The hawk king descends to alight on the roof nearby. Before his feet even touch the ground his talons are vanishing, beak melding back into his face, feathers clearing away from his skin in a rush of magic. He becomes a man, but his amber eyes still gleam with a predatory keenness.
“How many?” Reyson says.
“Two,” Tibarn says. “Both full-rigged, traders under a senator’s insignia.”
“It went well?”
“In all the ways that matter,” says Tibarn. “It turned out only a few of them were up for a fight.”
Any satisfaction Reyson feels is tempered by a familiar sense of discontentment.
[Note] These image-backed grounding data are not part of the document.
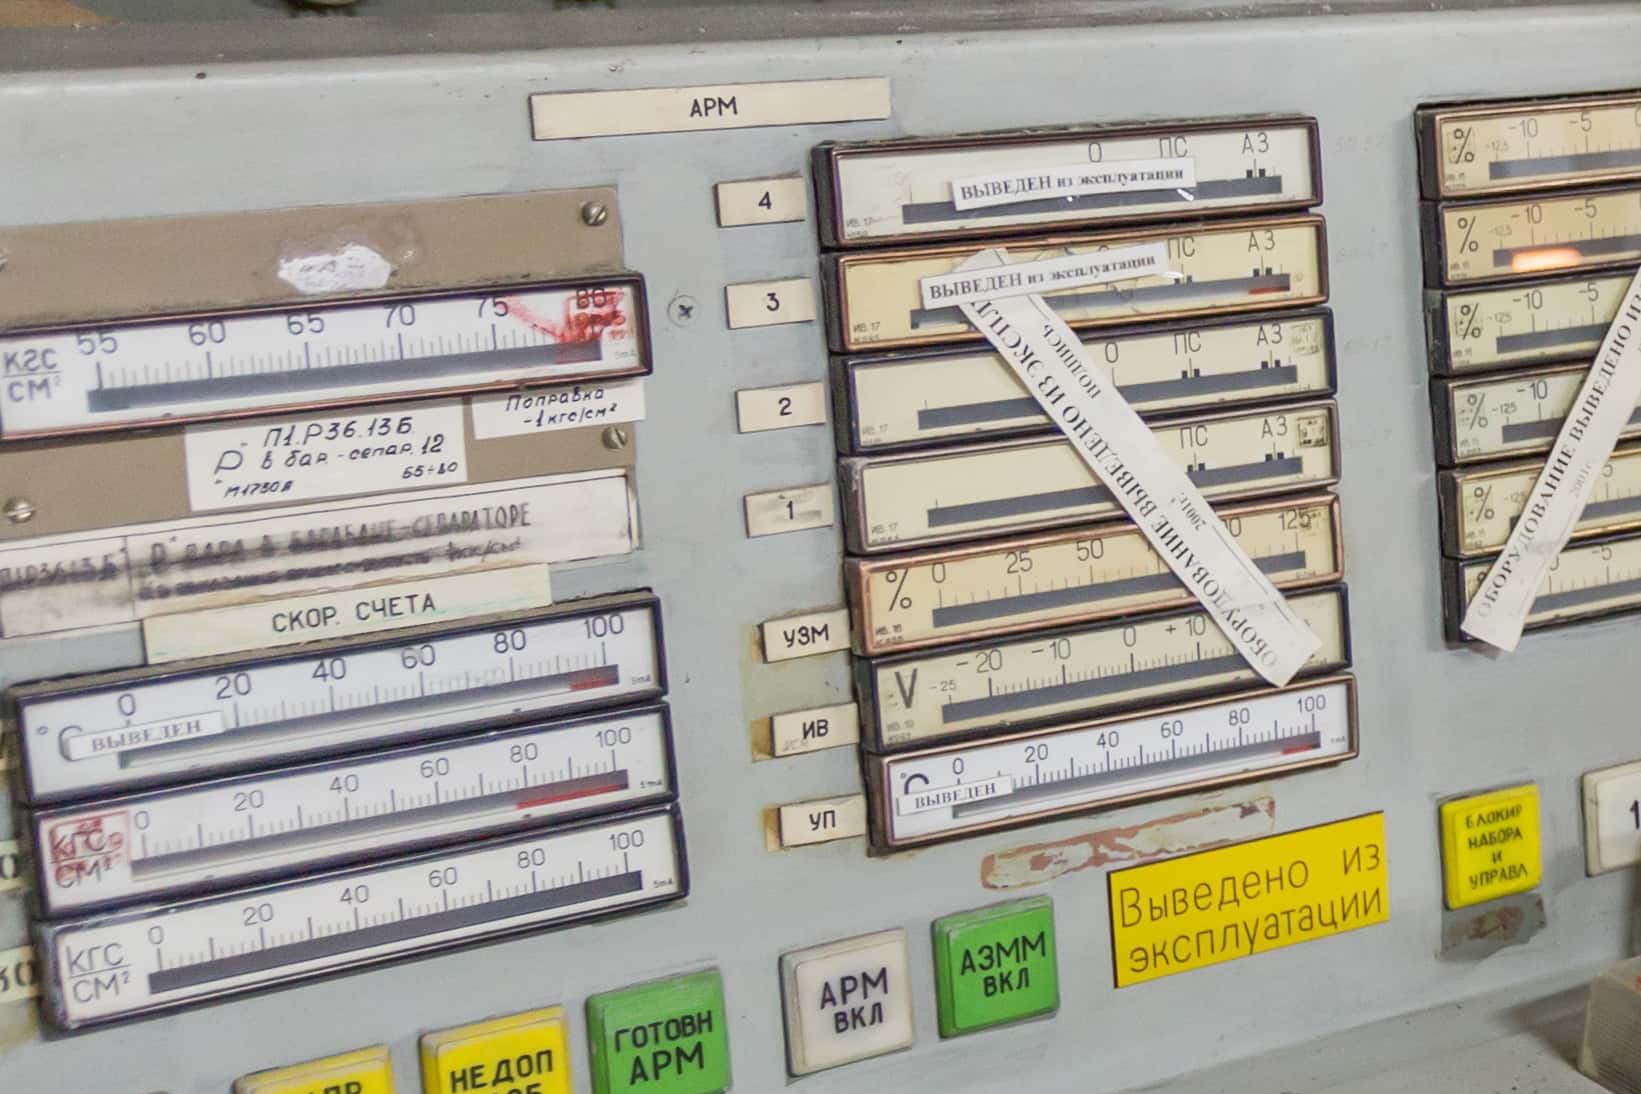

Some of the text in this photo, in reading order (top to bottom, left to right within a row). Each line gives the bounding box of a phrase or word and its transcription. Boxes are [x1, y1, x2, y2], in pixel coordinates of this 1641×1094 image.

[690, 97, 738, 117] АРМ
[1088, 132, 1270, 162] 0 ПС АЗ
[961, 168, 1184, 200] ВЫВЕДЕН из эксплуатации
[758, 191, 772, 210] 4
[1168, 230, 1276, 260] ПС АЗ
[929, 254, 1156, 301] ВЫВЕДЕН из эксплуатации
[766, 292, 780, 312] 3
[77, 296, 509, 355] 55 60 65 70 75
[1104, 323, 1283, 363] 0 ПС АЗ
[506, 388, 605, 411] Поправка
[1038, 375, 1065, 405] ИЗ
[1570, 330, 1635, 442] ВЫВЕДЕНО
[778, 396, 793, 417] 2
[422, 433, 444, 454] 12
[1180, 415, 1287, 448] ПС АЗ
[785, 501, 794, 521] 1
[886, 538, 1104, 612] % 0 25 50
[272, 593, 437, 634] СКОР. СЧЕТА
[783, 624, 829, 646] УЗМ
[1123, 625, 1136, 647] 0
[117, 612, 624, 717] 0 20 40 60 80 100
[895, 668, 918, 709] V
[90, 718, 202, 753] ВЫВЕДЕН
[801, 718, 829, 740] ИВ
[952, 694, 1327, 775] 0 20 40 60 80 100
[133, 726, 631, 833] 0 20 40 60 80 100
[914, 782, 998, 811] ВЫВЕДЕН
[809, 808, 837, 830] УП
[1464, 802, 1524, 832] БЛОКИР
[1628, 800, 1641, 831] 1
[1468, 825, 1524, 854] НАБОРА
[1468, 860, 1530, 888] УПРАВЛ
[1491, 850, 1503, 866] И
[148, 829, 645, 945] 0 20 40 60 80 100
[1119, 843, 1381, 930] Выведено из
[1128, 887, 1384, 975] эксплуатации
[958, 930, 1047, 975] АЗММ
[818, 967, 889, 1006] АРМ
[984, 964, 1031, 999] ВКЛ
[828, 1002, 882, 1030] ВКЛ
[614, 1011, 714, 1054] ГОТОВН
[449, 1048, 555, 1094] НЕДОП
[628, 1042, 706, 1087] АРМ
It still bothers him that other people are fighting his battles, but the battles won’t get fought otherwise, and he can’t complain without being spectacularly ungrateful. He bows his head. “Thank you,” he says. “King Tibarn.”
“I’ve told you, you don’t need to bow like that,” Tibarn remarks, casually enough. A gust of wind ruffles them both. “Nobody bothers with that here.”
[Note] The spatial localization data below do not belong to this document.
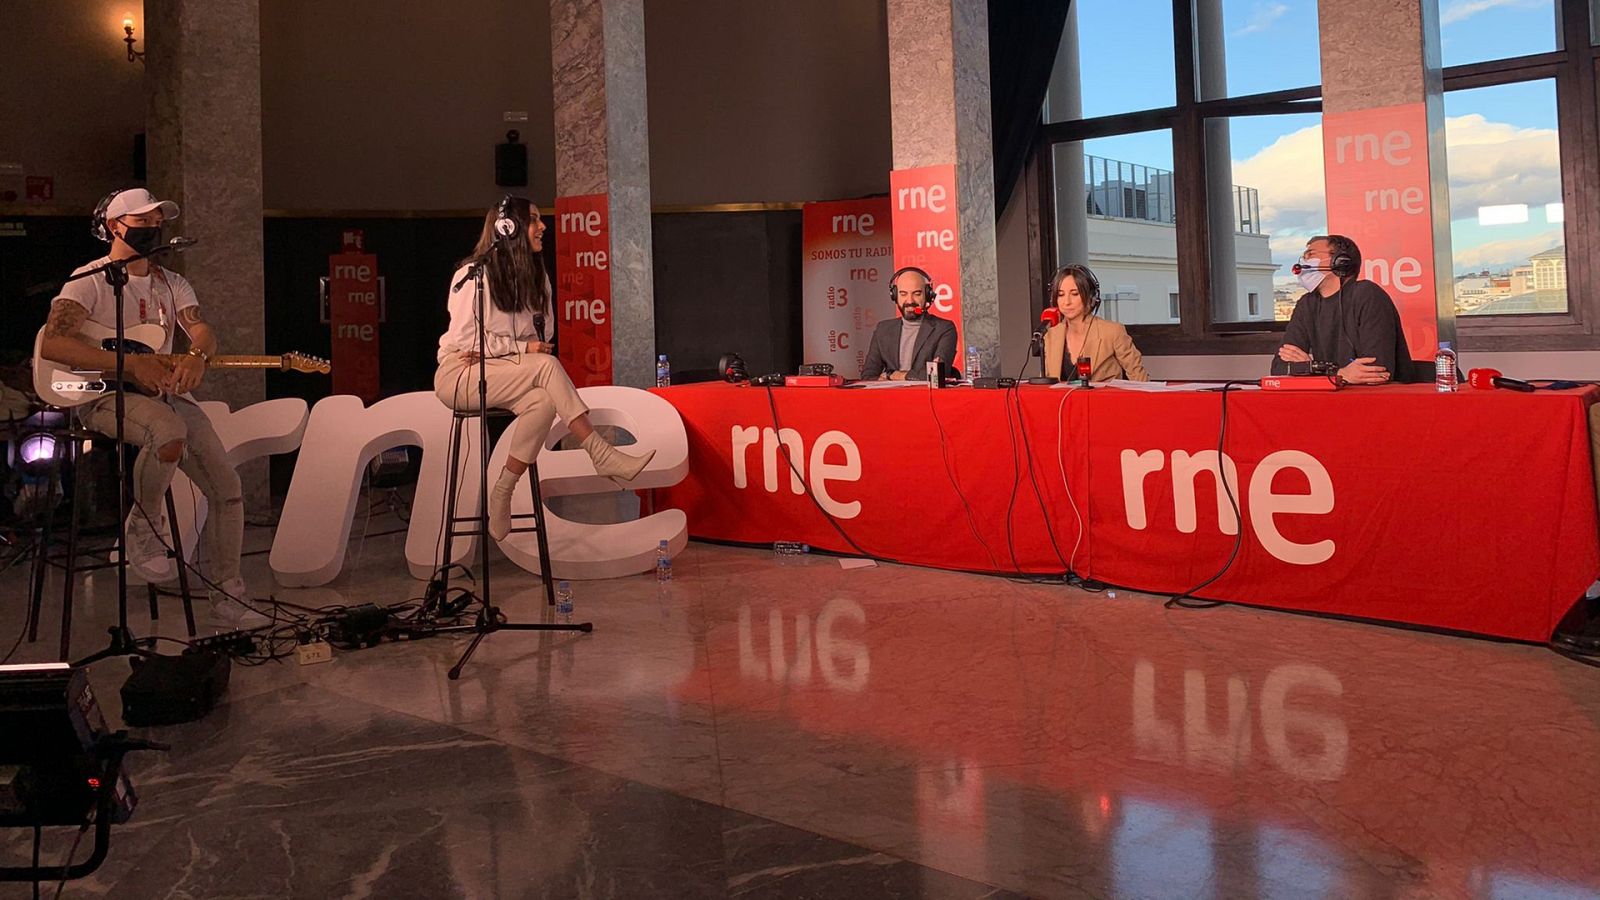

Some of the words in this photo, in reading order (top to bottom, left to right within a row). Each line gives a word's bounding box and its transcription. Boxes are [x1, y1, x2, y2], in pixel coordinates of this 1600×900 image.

[1335, 129, 1412, 167] rne
[898, 183, 947, 214] rne
[1364, 186, 1425, 215] rne
[561, 210, 601, 237] rne
[832, 213, 875, 236] rne
[916, 229, 955, 251] rne
[576, 250, 608, 270] rne
[811, 249, 846, 261] SOMOS
[849, 248, 863, 259] TU
[865, 247, 894, 258] RADI
[335, 264, 371, 282] rne
[850, 267, 878, 282] rne
[1364, 256, 1423, 293] ne
[348, 291, 376, 305] rne
[827, 286, 835, 310] radio
[836, 288, 848, 307] 3
[565, 299, 606, 325] rne
[338, 324, 374, 341] rne
[828, 330, 836, 352] radio
[837, 333, 849, 349] C
[1265, 379, 1281, 388] rne
[731, 424, 862, 519] rne
[1120, 449, 1336, 565] rne
Reyson knows this. He doesn’t mean to be overly stilted. Hawks care little for the social etiquette common to other nations, but old habits are hard to break. Even his Modern speech, now fluent, comes with a silvery edge that marks him as an outsider: the Ancient Tongue still haunts the cadence of his voice. Coolly he says, “Is this not a transaction between nations?”
“Is it?” says Tibarn.
“You act not just for me, but for my people.”
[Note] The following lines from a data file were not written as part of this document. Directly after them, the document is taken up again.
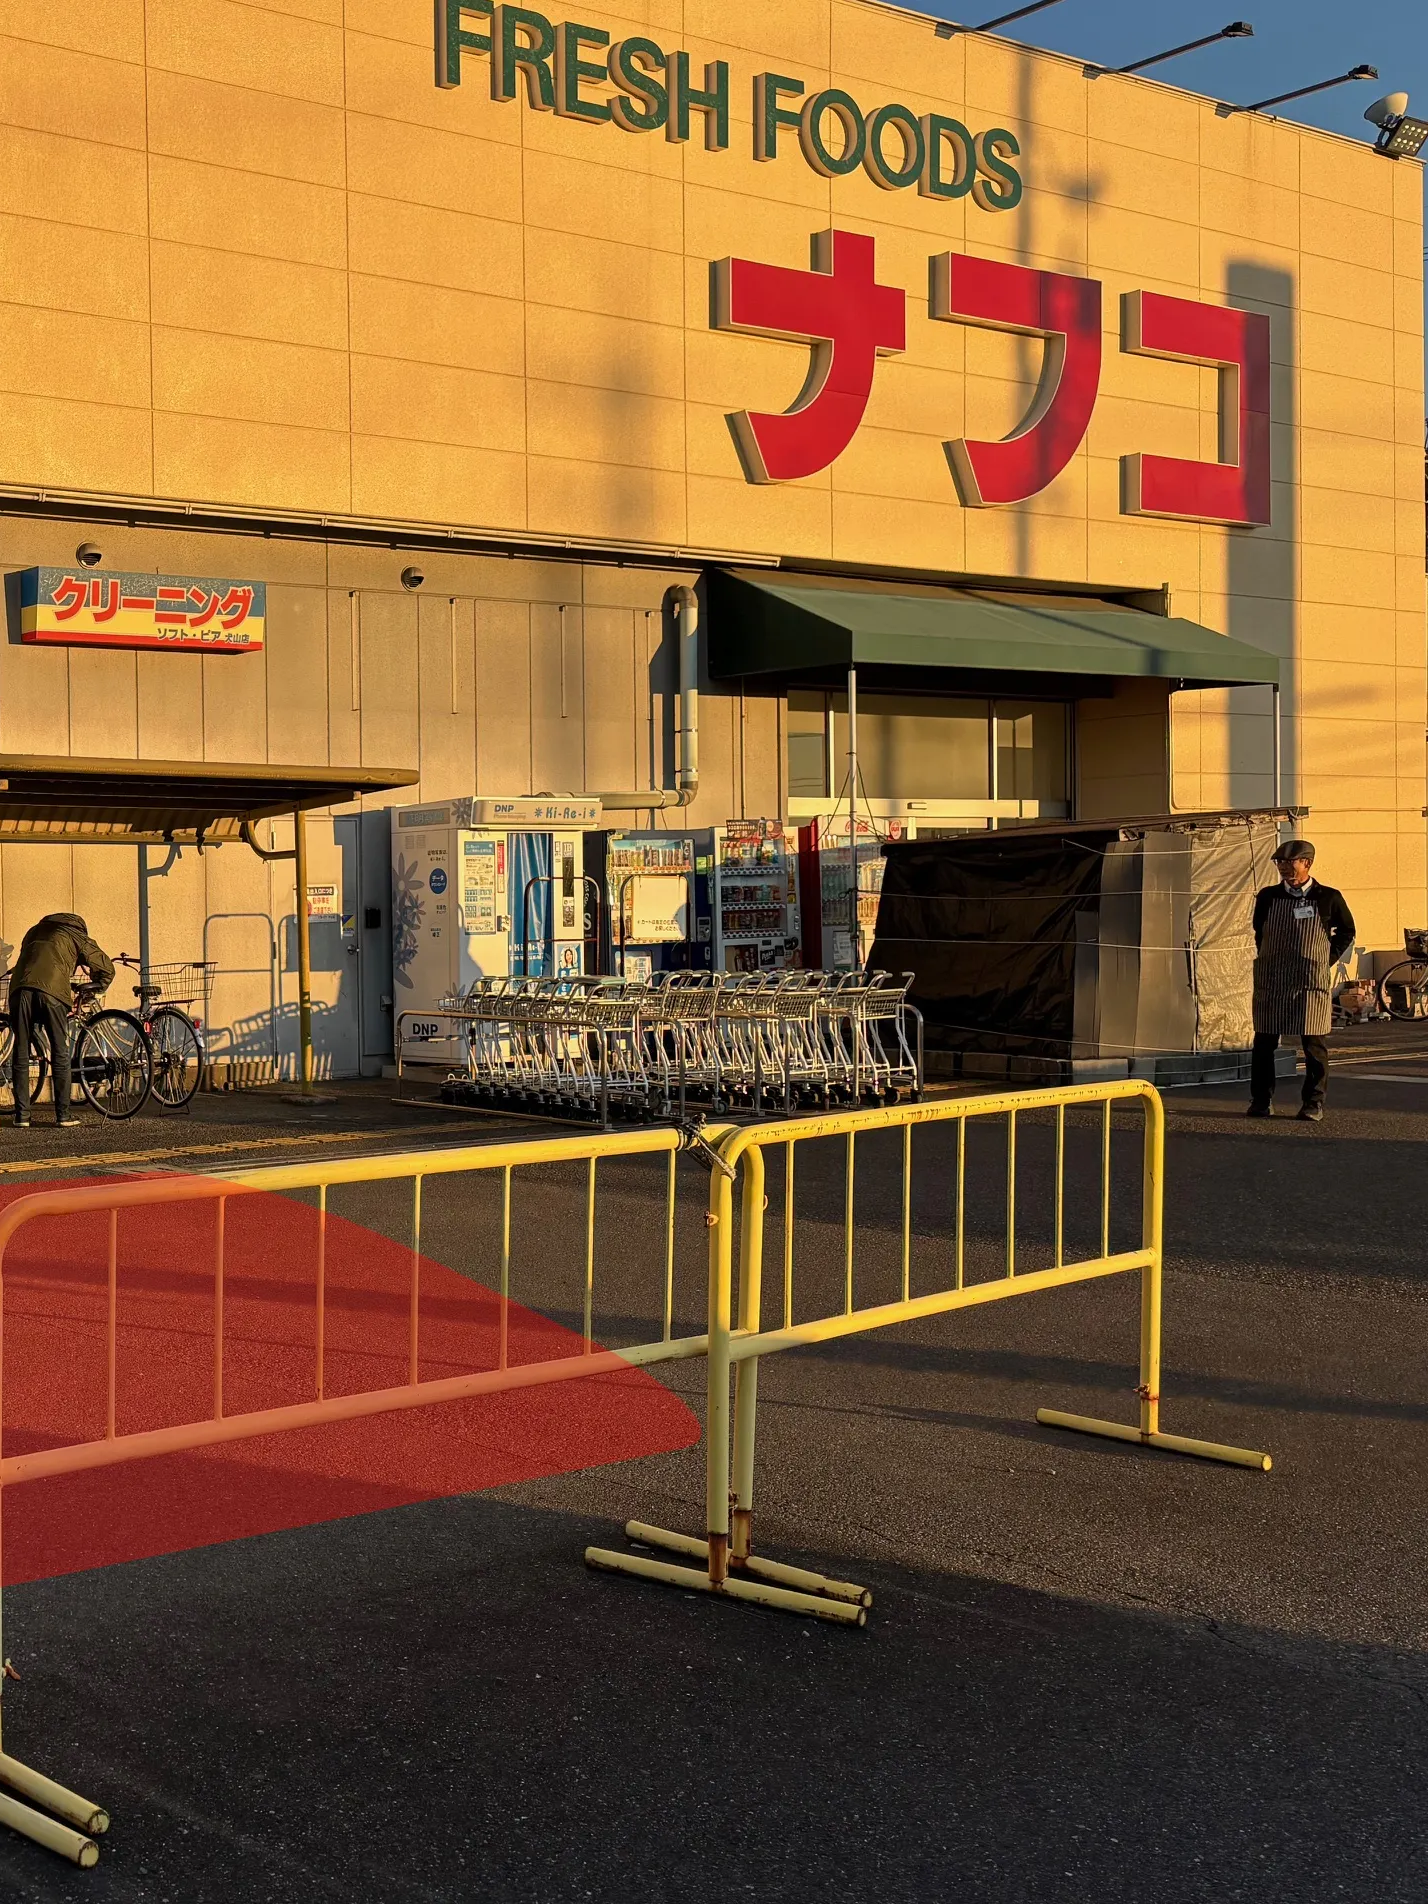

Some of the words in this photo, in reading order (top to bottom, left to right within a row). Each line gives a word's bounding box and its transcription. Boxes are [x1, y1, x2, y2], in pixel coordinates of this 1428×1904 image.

[434, 0, 728, 152] FRESH
[753, 72, 1022, 212] FOODS
[710, 228, 1270, 528] ナフコ
[52, 576, 254, 630] クリーニング
[157, 627, 221, 643] ソフト・ピア
[225, 633, 250, 644] 犬山店
[494, 804, 515, 813] DNP
[545, 806, 587, 819] Ki-Re-i
[412, 1023, 439, 1036] DNP
“Yeah, well,” Tibarn says, rolling his shoulders. “It’s not like I’d let it slide if you weren’t here to motivate me.”
Reyson looks at the medal again, but at that moment a tang of pain zings in the air like electricity, and Tibarn gives a hiss of displeasure. Reyson looks up. The hawk has stopped his shoulders mid-roll, and is inspecting a spot on his upper arm.
Reyson tilts his head at him. “Are you all right?”
“Fine,” Tibarn says dismissively. Reyson, craning his neck, sees the tear in the hawk’s sleeve, and a bloodstain drying dark on the fabric. “Something must have grazed me. Don’t worry about it. Those bastards couldn’t do real damage to me if they brought out every warship in Begnion.”
Reyson can believe that Tibarn didn’t notice the wound until now. The king rarely comes back with scrapes, but he gets so caught up in battle - a little wound is just an element of the excitement to him, a confirmation that it was worthwhile, a trophy of a different kind. Yet to see him bleeding still makes Reyson’s stomach tighten. “Let me look at it,” he says, almost automatically.
“Don’t trouble yourself,” Tibarn says with a wave of his hand. “It’s just a scratch.”
“Most things are just a scratch to you,” Reyson says, approaching him and pocketing the medal as he does so. “Please let me look. It’s the least I can do.”
Tibarn concedes, with suitably stoic reluctance. Up close, Reyson peels back the torn fabric of the jacket to inspect the damage. At least Tibarn was correct - the wound is, as he said, just a graze just over the bicep. It looks worse than it is. Whatever bolt or arrow hit him, it ripped across his tawny skin, leaving a shallow but ragged gash that still weeps down his arm. A crust of blood has dried around it, and the iron has left a microbial residue that’s in need of cleansing.
A few years ago, the sight of it would have made Reyson feel ill. Now, he’s gratified to find that he doesn’t even flinch; he feels his face stay where it’s meant to, and he feels suitably cold. It’s progress.
“Not too ambitious,” he mutters to himself in the Ancient Tongue.
“What was that?”
“Nothing,” Reyson says. “Hold still.”
He closes his eyes, holds Tibarn’s arm steady with one hand, and hovers his other hand over the injury. Even without touching it, he can feel it as a heat beneath his palm, an angry disturbance in the fabric of Tibarn’s being. For a moment he feels - or maybe imagines - the echoes of battle in it, thrumming through Tibarn’s body in a series of sympathetic vibrations that begin here. Reyson dawdles briefly over those sensations, builds on them in his mind - a hail of arrows, wind knifing over wings, talons spilling blood onto a pitching deck; the moment of injury, so well-matched to the atmosphere as to go unnoticed, a natural component of the fray.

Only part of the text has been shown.